By Marina Lammertyn
BUENOS AIRES (Reuters) – Silvia Puntano, a mother of seven from the poor Buenos Aires suburb of Villa Azul, these days has only one thing on her mind: where to find her next meal.
“Every day, I go from one community kitchen to another, I go there to look for food,” the 37-year-old said. “Other days I have to dig around and go outside (to ask) because even though I receive financial support, but it is not enough.”
Her life is a painful portrait of poverty in a country on the cusp of a $65 billion debt deal after economic crises triggered the country’s ninth sovereign default in May.
Poverty in Argentina is set to rise sharply this year due to the impact of the coronavirus pandemic, but the rate was already climbing amid a recession since 2018 and high inflation.

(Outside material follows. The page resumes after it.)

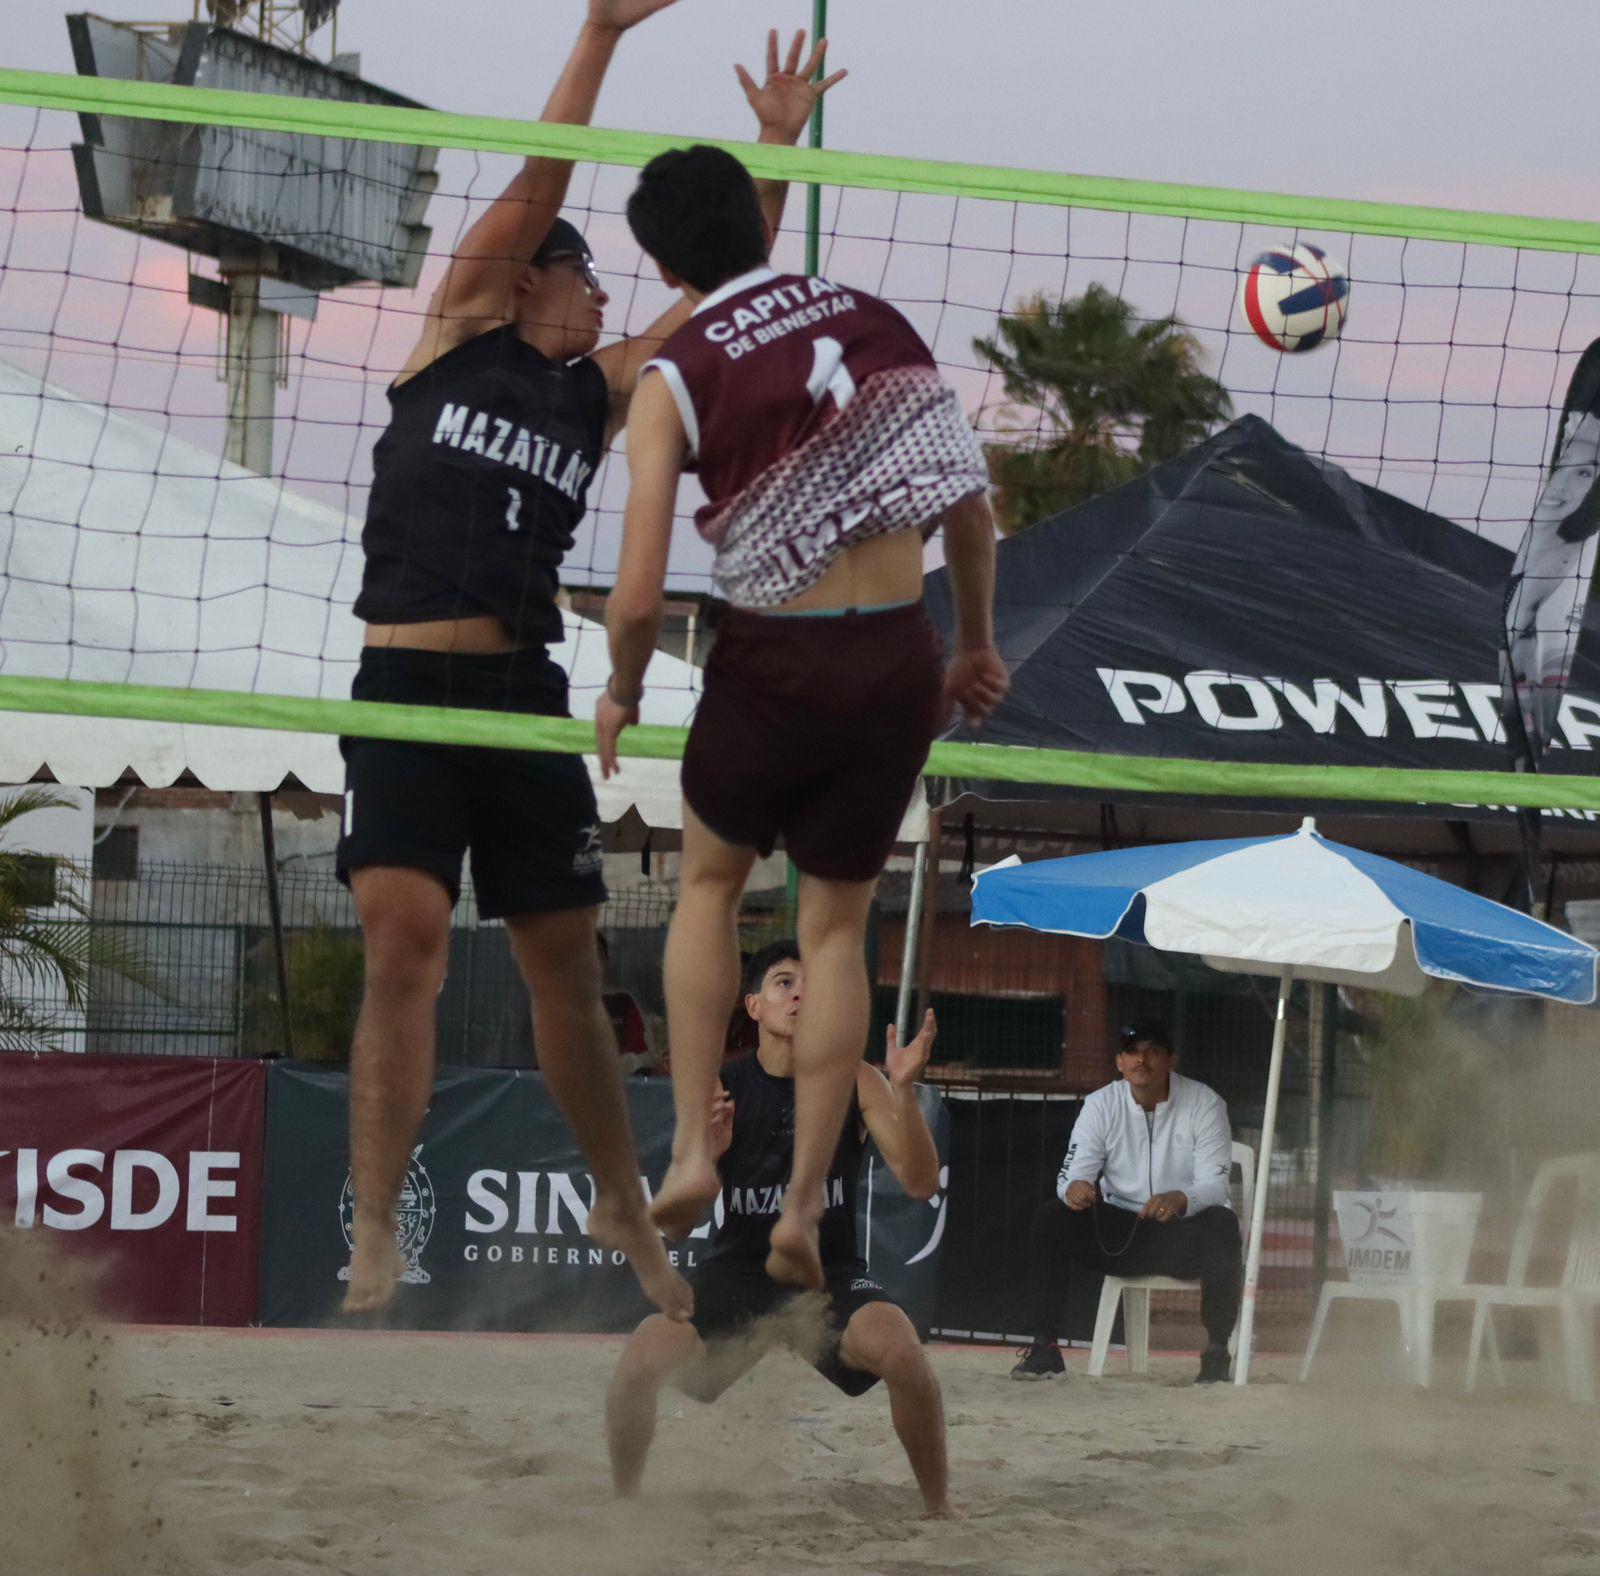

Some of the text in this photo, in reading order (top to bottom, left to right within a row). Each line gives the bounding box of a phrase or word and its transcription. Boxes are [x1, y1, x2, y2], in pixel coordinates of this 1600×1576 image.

On Tuesday the government said it had a deal to restructure its foreign debt, which it says is vital to reviving growth and alleviating poverty. Experts say half the country’s population could be plunged into poverty this year.

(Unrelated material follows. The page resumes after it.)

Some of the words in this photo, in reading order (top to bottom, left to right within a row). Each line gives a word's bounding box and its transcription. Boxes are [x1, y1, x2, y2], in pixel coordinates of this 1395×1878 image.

“The situation is increasingly difficult because there are many people who come looking for a plate of food,” said Paola Carabajal, a cook from the capital’s Bernal district, who lost her job and now helps serve meals at a community kitchen.
“Most of the people who come are informal workers who were left without a fixed income for their families.”
Argentina’s minister for social development, Daniel Arroyo, told Reuters that the number of people seeking food aid at kitchens daily has risen to more than 11 million from 8 million before the pandemic hit.
“That is the emergency,” the minister said. Monthly spending on food aid has risen from 5 billion pesos to 14 billion Argentine pesos ($193 million), he said.
The Economic Commission for Latin America and the Caribbean expects Argentina to be one of the worst affected countries in the region this year in terms of poverty and job losses.
Eusebio Hernández Greco, a pastor from the Cacupé church, said the parish kitchen now serves at least 180 meals a day, from 80 before the pandemic.
The capital and its surrounds are still under coronavirus lockdown measures first imposed in March.
Economist Juan Manuel Palacios said the debt deal wouldn’t solve the issue of poverty, but might help avoid the worst-case scenario.
“Does the debt agreement imply that economic problems are solved? No, not at all,” he said. “However, with an indefinite default we were sure to explode.”